Animal spaying, routinely performed to prevent pets from making more kittens or puppies, involves an ovario-hysterectomy, or removal of the ovaries and uterus. Hysterectomies in the human population are common for such a broad range of reasons that people often use the word to describe taking out or tying off any parts of the female reproductive system. Hysterectomies, however, are not that simple in definition or design.
Dogs are spayed, but humans have hysterectomies. Isn't it all the same surgery?

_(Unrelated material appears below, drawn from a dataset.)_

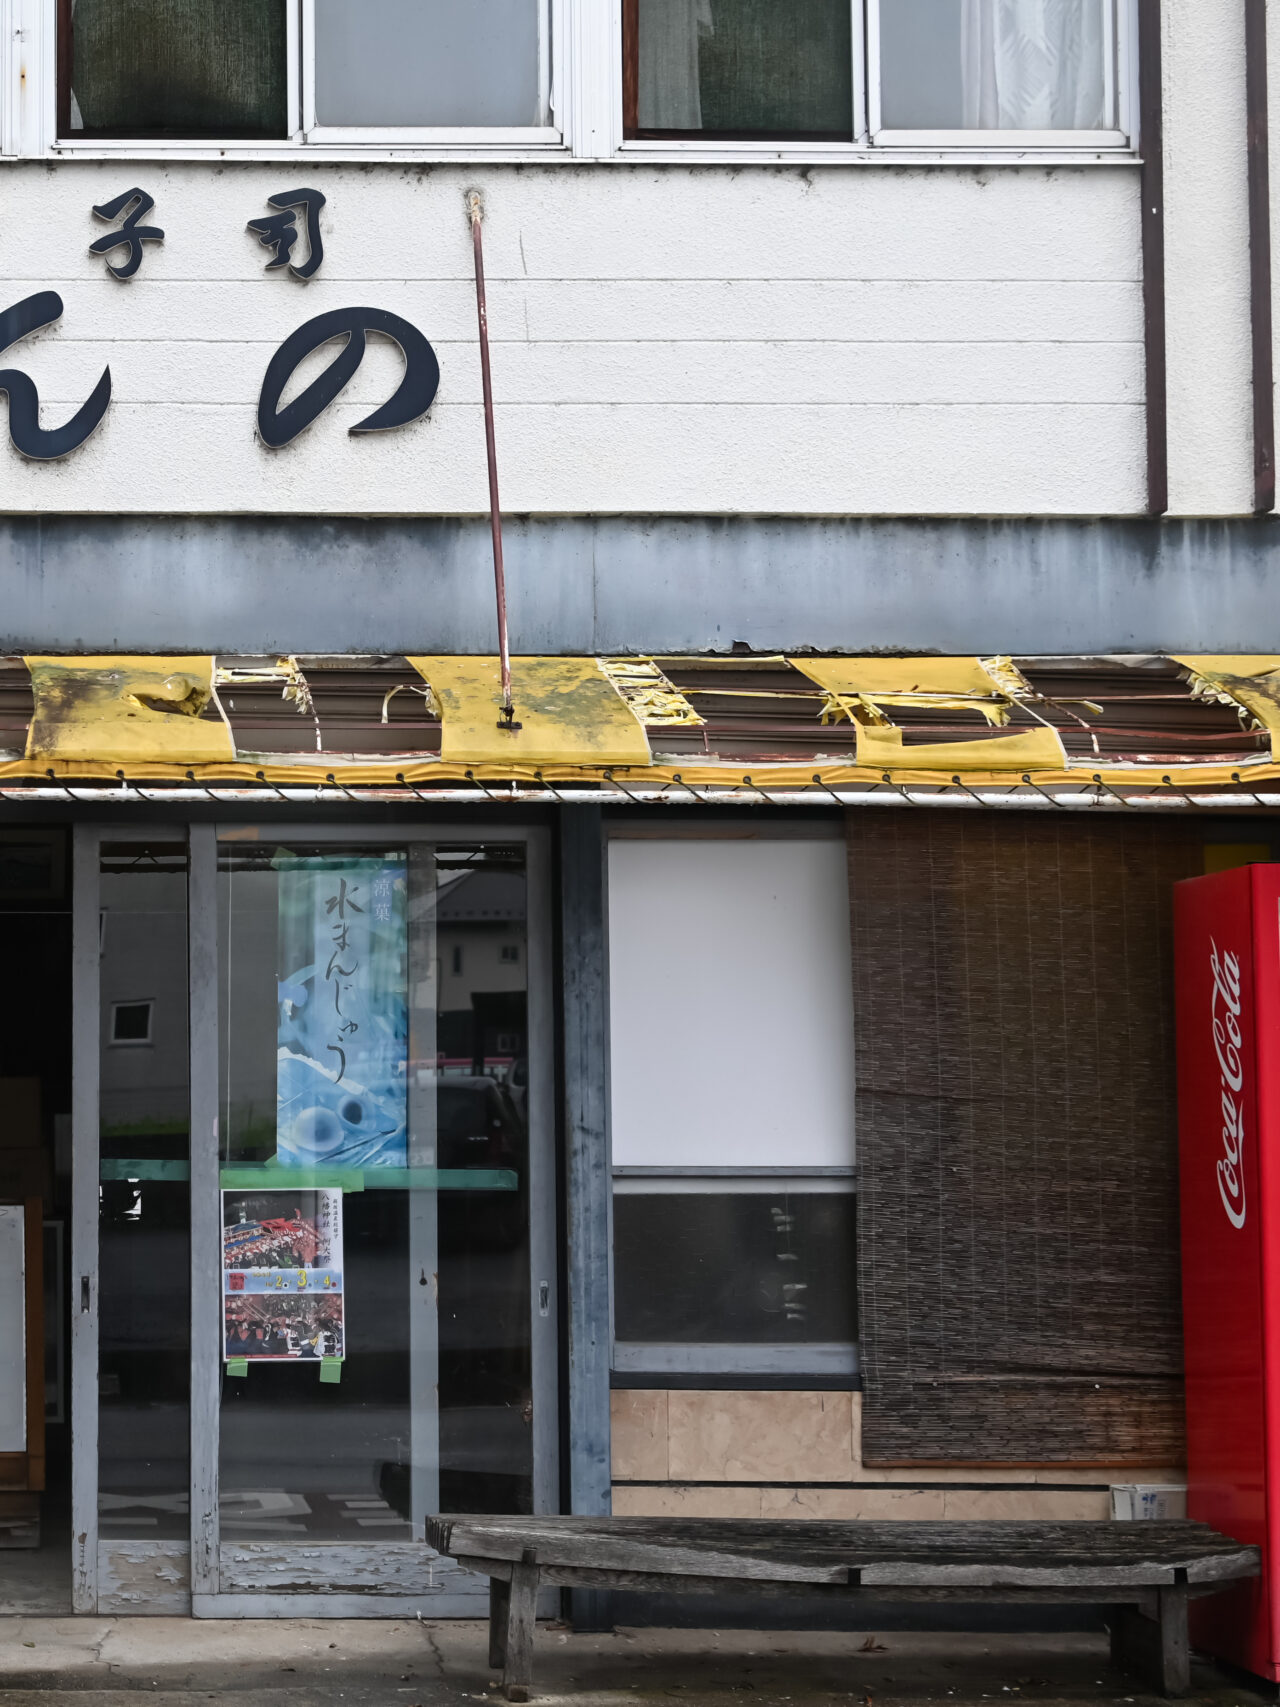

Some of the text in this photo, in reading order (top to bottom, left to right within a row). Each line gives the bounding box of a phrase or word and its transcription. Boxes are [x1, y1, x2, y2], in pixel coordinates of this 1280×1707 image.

[324, 877, 364, 1085] 水まんじゅう
[373, 878, 391, 922] 涼菓
[1209, 935, 1246, 1230] Coca-Cola

For example, hysterectomies may be "total," "partial," or "radical." Total hysterectomies require surgical removal of the uterus and cervix, while partial hysterectomies typically involve only the uterus. A radical hysterectomy calls for removing the uterus, cervix, ovaries, oviducts, lymph nodes, and lymph channels. Other variations can occur, too, such as a hysterectomy with bilateral salpingo-oophorectomy (taking out fallopian tubes and both ovaries, along with the uterus).
More than a half million hysterectomies are performed in the United States each year, making the surgery the second most common for female patients. Physicians recommend the operation in treatment plans for a variety of conditions, particularly uterine fibroid tumors.
Although birth control is the primary purpose of spaying an animal, the procedure also reduces the incidence of certain cancers, infections, and behavioral issues.